_WHAT THE TASK REQUIRES:_
The answer must be an exact copy of the records, with every picture left out.

_DATA TO USE:_
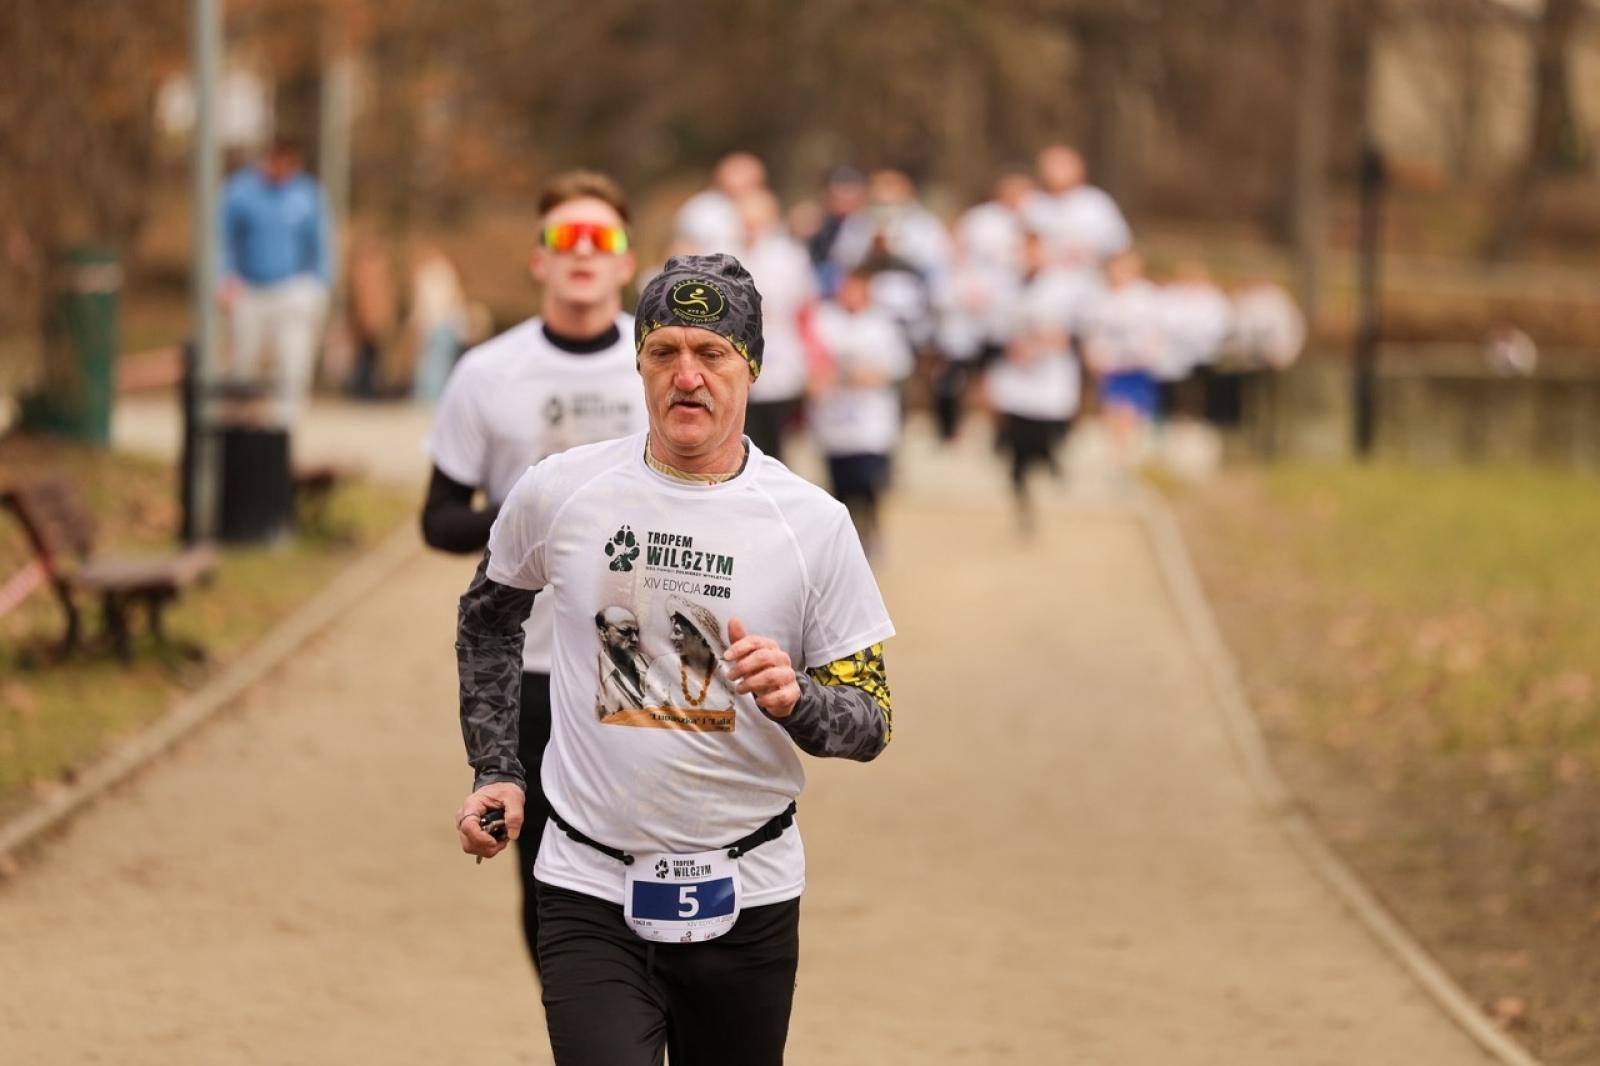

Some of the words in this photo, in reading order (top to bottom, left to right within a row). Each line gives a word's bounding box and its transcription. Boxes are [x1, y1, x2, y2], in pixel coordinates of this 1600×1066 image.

[648, 531, 693, 548] TROPEM
[647, 546, 734, 576] WILCZYM
[643, 577, 661, 589] XIV
[663, 579, 700, 594] EDYCJA
[703, 584, 731, 599] 2026
[673, 864, 712, 877] WILCZYM
[678, 886, 700, 917] 5
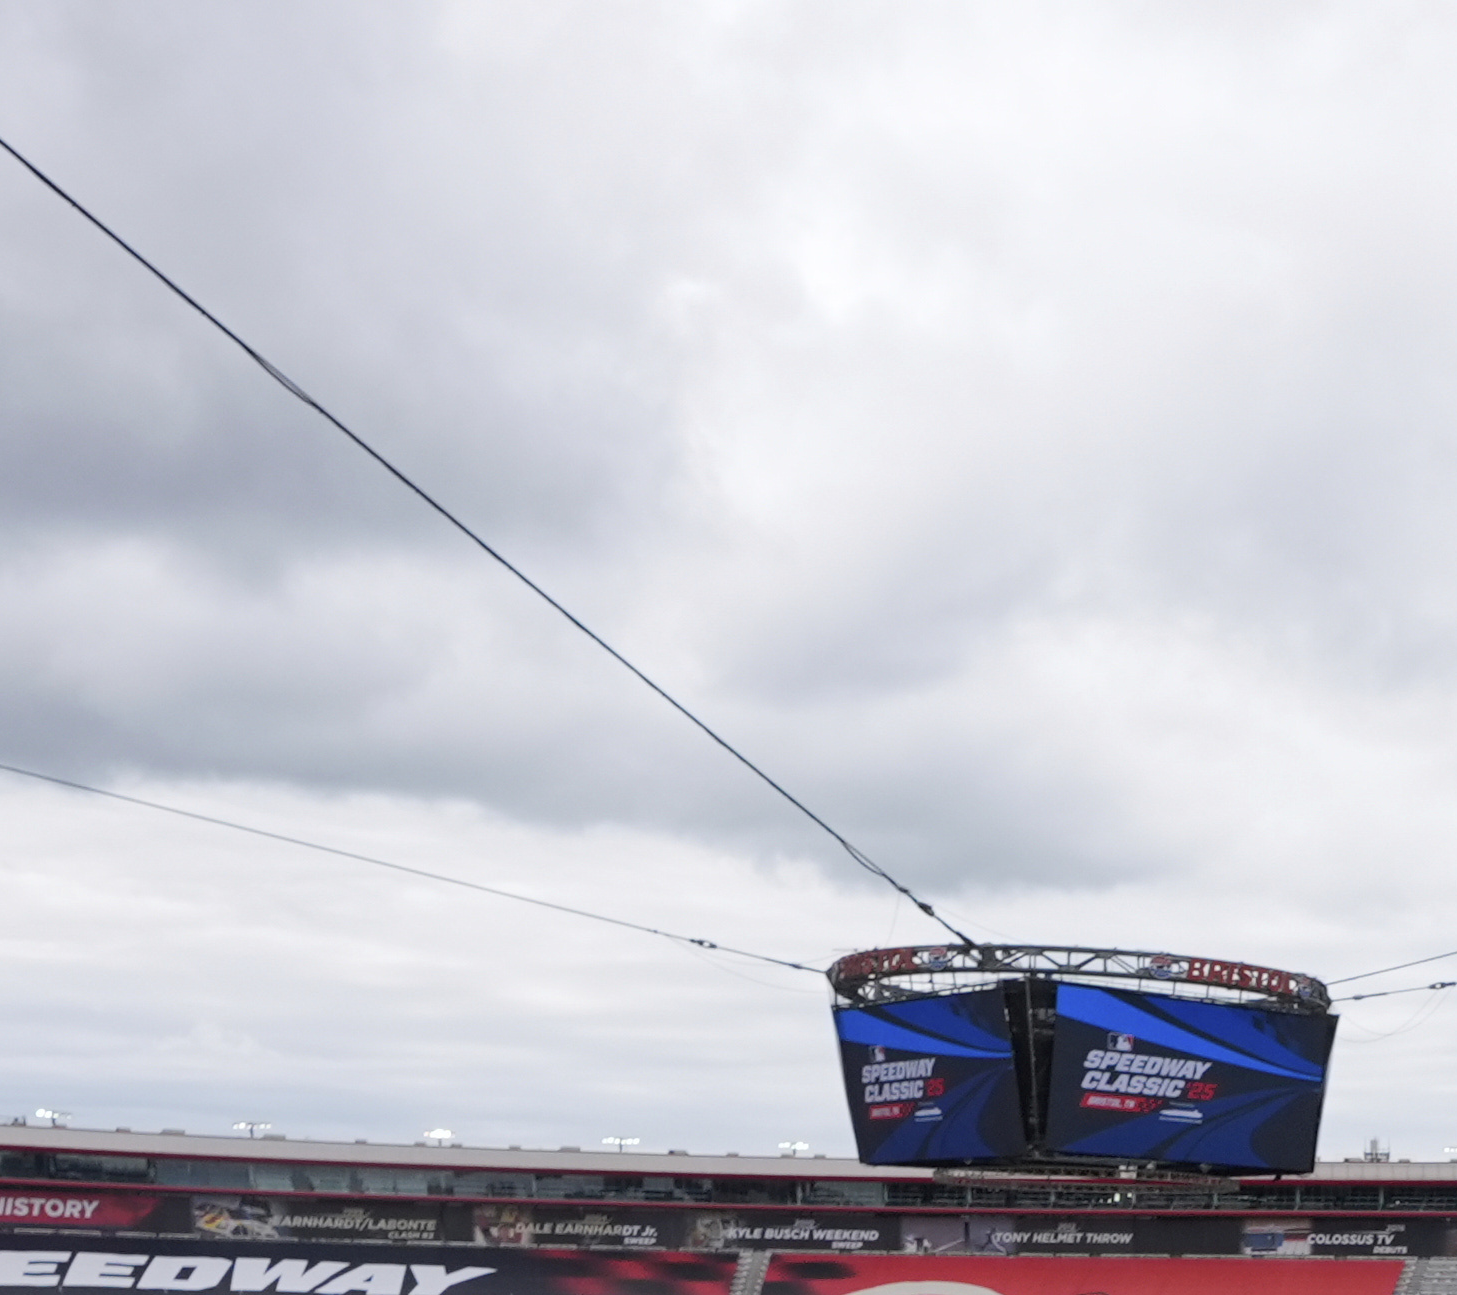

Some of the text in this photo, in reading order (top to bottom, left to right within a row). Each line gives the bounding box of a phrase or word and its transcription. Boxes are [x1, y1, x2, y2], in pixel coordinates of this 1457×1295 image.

[1188, 958, 1294, 993] BRISTOL
[862, 1057, 936, 1084] SPEEDWAY
[1083, 1049, 1212, 1080] SPEEDWAY
[864, 1079, 924, 1103] CLASSIC
[1081, 1070, 1219, 1100] CLASSIC '25
[516, 1222, 553, 1235] DALE
[555, 1223, 641, 1237] EARNHARDT
[764, 1228, 811, 1240] BUSCH
[812, 1229, 880, 1240] WEEKEND
[994, 1232, 1134, 1244] TONY HELMET THROW
[1308, 1233, 1395, 1245] COLOSSUS TV

_WRITTEN REPLY:_
Some of the words in this photo, in reading order (top to bottom, left to right within a row). Each line gives a word's bounding box and its transcription. Boxes are [x1, y1, x2, y2], in pixel coordinates of this 1600×1066 image.

[648, 531, 693, 548] TROPEM
[647, 546, 734, 576] WILCZYM
[643, 577, 661, 589] XIV
[663, 579, 700, 594] EDYCJA
[703, 584, 731, 599] 2026
[673, 864, 712, 877] WILCZYM
[678, 886, 700, 917] 5

Some of the text in this photo, in reading order (top to bottom, left to right within a row). Each line gives the bounding box of a phrase or word and its transcription. Boxes are [x1, y1, x2, y2], in pixel coordinates of this 1457×1295 image.

[1188, 958, 1294, 993] BRISTOL
[862, 1057, 936, 1084] SPEEDWAY
[1083, 1049, 1212, 1080] SPEEDWAY
[864, 1079, 924, 1103] CLASSIC
[1081, 1070, 1219, 1100] CLASSIC '25
[516, 1222, 553, 1235] DALE
[555, 1223, 641, 1237] EARNHARDT
[764, 1228, 811, 1240] BUSCH
[812, 1229, 880, 1240] WEEKEND
[994, 1232, 1134, 1244] TONY HELMET THROW
[1308, 1233, 1395, 1245] COLOSSUS TV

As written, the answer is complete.